Construction of pDsVEGF165Red1-N1 and pIRES2-BMP2-EGFP and their co-expression using RFP and EGFP as reporter gene in HEK 293-T cells
- VernacularTitle:以红色及绿色荧光蛋白为标记基因的血管内皮生长因子165和骨形态发生蛋白2真核表达载体的构建及其在293-T细胞中的共表达
- Author:
Haibo ZOU
;
Hong AN
;
Dianming JIANG
- Publication Type:Journal Article
- From:
Chinese Journal of Tissue Engineering Research
2006;10(21):174-176,封三
- CountryChina
- Language:Chinese
-
Abstract:
BACKGROUND: It has been proved that vascular endothelial growth factor 165(VEGF165) and bone morphogenetic protein 2(BMP2) can accelerate the vascularization synergistically.OBJECTIVE:To construct the vectors, pDsVEGF165Red1-N1 and pIRES2-BMP2-enhanced green fluorescent protein(EGFP) followed by co-transfected into HEK 293-T cells,and study their expression and location of VEGF165and BMP2 in the cells.DESIGN: A randomized and controlled experiment.SETTING: National Key Laboratory,Institute of Surgery Research,Daping Hospital,Third Military Medical University.MATERIALS: The experiment was conducted at National Key Laboratory,Institute of Surgery Research,Daping Hospital,Third Military Medical University from September 2002 to March 2004. pcDNA3.1\BMP2 ( gift of Dr.Bostrom, UCLA School of Mediine, Los Angeles,USA).pDsRed1-N1(gift of Pro.

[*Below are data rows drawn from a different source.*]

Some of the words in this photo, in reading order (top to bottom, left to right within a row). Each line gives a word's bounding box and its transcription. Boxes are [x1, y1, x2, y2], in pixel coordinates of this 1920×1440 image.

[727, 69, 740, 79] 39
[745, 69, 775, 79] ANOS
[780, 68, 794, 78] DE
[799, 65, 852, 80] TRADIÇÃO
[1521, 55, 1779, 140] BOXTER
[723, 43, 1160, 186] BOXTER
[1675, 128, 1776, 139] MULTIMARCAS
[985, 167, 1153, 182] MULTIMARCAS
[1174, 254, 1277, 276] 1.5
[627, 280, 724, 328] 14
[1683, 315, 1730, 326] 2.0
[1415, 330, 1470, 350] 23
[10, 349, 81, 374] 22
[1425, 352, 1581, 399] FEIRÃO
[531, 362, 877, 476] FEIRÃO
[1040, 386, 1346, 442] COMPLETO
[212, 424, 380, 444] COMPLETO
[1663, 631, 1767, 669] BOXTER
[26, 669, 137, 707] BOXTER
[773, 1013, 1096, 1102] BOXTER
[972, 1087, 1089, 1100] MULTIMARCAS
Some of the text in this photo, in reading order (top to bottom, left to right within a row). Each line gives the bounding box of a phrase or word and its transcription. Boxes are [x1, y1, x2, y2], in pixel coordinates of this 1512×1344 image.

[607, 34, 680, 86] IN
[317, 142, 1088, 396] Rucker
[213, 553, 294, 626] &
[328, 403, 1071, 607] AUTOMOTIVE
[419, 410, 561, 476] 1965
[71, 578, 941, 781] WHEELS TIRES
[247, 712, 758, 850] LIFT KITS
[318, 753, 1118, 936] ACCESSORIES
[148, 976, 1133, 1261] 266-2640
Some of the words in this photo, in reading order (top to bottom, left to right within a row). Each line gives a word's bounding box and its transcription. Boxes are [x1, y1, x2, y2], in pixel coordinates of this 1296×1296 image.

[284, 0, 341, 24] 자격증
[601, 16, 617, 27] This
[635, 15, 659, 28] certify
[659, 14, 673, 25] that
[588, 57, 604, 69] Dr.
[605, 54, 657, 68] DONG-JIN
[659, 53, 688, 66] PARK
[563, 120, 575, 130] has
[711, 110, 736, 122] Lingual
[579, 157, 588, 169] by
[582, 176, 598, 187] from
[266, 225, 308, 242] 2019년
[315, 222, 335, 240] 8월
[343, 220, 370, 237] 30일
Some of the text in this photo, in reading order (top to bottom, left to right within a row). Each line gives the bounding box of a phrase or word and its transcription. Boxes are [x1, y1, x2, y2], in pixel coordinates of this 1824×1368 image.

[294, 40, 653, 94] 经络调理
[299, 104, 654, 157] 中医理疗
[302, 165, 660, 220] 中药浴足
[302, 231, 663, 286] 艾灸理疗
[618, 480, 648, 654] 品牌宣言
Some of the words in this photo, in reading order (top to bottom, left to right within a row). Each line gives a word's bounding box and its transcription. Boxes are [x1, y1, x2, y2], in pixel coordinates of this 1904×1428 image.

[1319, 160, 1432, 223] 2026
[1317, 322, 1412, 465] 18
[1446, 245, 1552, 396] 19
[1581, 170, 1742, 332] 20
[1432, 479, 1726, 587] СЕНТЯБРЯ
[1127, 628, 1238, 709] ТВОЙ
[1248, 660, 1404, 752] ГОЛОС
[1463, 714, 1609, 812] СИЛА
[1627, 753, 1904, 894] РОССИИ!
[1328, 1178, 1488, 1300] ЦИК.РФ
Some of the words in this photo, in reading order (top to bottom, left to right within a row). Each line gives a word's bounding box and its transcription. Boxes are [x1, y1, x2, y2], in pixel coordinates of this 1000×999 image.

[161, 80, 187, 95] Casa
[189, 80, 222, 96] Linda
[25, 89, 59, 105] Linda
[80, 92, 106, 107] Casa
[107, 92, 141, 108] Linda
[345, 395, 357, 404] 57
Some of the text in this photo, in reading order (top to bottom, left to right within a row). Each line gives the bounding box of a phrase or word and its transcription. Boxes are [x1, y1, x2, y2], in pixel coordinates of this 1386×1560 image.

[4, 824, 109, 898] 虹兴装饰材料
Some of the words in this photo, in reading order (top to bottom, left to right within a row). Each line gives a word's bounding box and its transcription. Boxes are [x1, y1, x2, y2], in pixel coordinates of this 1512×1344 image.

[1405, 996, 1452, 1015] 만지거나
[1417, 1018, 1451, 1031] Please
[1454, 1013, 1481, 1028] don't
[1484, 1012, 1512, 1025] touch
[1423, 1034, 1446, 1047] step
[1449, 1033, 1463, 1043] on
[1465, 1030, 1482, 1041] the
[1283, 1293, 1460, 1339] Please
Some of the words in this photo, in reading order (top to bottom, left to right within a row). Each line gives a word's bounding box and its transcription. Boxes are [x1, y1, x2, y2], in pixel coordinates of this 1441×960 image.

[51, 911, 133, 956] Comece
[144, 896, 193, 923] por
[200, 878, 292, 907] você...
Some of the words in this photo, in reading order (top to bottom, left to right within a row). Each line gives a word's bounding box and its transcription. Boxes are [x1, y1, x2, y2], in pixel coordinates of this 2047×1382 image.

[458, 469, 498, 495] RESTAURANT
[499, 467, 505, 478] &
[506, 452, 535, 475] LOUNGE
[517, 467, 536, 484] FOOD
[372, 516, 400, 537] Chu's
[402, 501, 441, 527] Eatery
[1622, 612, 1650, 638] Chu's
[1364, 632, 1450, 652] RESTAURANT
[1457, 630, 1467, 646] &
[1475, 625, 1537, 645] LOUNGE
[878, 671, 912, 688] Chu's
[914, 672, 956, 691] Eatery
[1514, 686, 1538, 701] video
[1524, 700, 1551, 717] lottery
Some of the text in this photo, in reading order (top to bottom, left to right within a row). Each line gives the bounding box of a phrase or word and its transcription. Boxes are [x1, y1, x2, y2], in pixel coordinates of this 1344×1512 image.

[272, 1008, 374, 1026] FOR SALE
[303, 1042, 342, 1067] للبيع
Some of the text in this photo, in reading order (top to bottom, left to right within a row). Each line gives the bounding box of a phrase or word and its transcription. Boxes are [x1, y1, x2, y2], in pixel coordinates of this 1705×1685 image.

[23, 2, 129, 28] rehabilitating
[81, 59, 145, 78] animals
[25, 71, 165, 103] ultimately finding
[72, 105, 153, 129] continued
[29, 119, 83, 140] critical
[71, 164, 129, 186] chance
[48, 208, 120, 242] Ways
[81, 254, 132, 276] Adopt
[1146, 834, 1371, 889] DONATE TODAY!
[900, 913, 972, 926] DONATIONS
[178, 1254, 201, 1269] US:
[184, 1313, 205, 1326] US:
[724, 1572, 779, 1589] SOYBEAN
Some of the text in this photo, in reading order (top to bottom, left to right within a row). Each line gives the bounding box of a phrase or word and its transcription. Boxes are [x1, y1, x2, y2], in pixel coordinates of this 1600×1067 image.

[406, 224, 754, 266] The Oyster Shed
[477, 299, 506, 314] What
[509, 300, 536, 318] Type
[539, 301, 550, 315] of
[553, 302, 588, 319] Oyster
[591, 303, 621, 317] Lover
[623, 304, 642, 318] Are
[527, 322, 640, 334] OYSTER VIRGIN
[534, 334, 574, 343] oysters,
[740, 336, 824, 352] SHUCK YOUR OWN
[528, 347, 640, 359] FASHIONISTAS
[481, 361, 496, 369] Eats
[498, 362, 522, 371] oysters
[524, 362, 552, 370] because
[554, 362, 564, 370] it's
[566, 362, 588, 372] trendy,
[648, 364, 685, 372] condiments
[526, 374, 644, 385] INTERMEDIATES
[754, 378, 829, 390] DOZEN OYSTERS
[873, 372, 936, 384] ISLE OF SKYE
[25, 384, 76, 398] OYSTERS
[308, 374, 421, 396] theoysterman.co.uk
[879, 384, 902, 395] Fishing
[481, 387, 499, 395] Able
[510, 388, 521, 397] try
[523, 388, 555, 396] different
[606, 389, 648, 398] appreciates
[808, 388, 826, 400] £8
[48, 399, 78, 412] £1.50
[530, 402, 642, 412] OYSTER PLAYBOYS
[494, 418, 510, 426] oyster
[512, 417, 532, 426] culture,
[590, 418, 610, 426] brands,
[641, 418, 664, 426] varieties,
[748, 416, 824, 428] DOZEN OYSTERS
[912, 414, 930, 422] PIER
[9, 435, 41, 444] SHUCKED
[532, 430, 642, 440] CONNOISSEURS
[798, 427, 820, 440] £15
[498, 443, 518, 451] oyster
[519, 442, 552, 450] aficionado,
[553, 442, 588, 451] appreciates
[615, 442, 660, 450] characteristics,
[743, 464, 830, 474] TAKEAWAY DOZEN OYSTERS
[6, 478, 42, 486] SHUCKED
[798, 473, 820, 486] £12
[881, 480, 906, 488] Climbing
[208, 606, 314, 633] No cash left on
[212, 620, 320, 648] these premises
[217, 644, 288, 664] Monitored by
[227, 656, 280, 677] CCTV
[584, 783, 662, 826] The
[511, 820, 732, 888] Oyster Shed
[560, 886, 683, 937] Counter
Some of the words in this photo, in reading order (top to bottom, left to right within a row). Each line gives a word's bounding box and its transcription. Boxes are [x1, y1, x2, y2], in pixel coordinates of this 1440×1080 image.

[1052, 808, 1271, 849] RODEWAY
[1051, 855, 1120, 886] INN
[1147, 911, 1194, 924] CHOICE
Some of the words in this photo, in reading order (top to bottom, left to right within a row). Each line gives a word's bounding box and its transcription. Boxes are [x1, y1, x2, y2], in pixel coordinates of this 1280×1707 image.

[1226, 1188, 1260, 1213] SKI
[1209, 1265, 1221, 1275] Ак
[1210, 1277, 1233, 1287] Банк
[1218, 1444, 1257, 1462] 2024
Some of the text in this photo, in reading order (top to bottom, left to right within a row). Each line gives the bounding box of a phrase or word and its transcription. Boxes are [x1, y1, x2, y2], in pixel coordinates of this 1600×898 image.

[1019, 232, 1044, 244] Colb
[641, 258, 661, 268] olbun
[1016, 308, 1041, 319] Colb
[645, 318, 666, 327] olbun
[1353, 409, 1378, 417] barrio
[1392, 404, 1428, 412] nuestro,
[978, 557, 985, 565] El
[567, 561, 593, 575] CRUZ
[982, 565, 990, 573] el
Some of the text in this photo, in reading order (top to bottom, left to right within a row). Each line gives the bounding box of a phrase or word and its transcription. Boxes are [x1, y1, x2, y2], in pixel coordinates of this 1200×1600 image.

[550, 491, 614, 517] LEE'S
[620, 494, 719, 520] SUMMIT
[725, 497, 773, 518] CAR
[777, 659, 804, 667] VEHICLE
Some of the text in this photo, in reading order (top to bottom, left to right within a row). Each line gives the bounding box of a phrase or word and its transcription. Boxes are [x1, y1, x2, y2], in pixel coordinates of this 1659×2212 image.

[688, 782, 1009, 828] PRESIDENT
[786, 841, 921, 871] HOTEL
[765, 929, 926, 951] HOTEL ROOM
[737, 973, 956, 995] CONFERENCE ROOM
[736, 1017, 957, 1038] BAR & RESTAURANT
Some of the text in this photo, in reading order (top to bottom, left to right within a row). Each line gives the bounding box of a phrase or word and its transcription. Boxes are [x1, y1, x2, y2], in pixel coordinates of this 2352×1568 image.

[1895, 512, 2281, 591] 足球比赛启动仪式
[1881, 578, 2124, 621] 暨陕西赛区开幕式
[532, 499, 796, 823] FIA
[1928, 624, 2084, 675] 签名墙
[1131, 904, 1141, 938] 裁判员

Roger Y.Tisen,University of California,San Diego,USA). pUC18/VEGF165,293-T cells(preserved by our Laboratory).METHODS: According to the nucleotide sequence of hVEGF165, the primers were designed.The hVEGF165 gene without stop codon was amplified by polymerase chain reaction (PCR).The fragment digested was cloned into the expression vector pDsRed1-N1.Meantime,the pIRES2-BMP2-EGFP expression vector was constructed.The two plasmids were co-transfected into HEK 293-T cells.The co-expression and distribution of the VEGF165and BMP2 were observed with confocal laser microscopy (CLSM) and detected by reverse transcription-polymerase chain reaction (RT-PCR) and Western Blotting.MAIN OUTCOME MEASURES: Identification of the recombinant plasmids and the expressing mRNA and protein in 293-T cells.RESULTS: The recombinant plasmids were verified correct construction by restriction enzyme analysis, PCR and sequencing. The two genes which were co-transfected could express in HEK 293-T cells.The co-expression of the report genes,RFP and EGFP, were found over the cytoplasm and in the nuclei by CLSM.CONCLUSION: Two report gene expression vectors contain VEGF165 and BMP2 have been constructed successfully, which can be co-expressed in HEK 293-T cells. Thus, they can provide important and convenient tool to study intracellular interaction of VEGF165 and BMP2.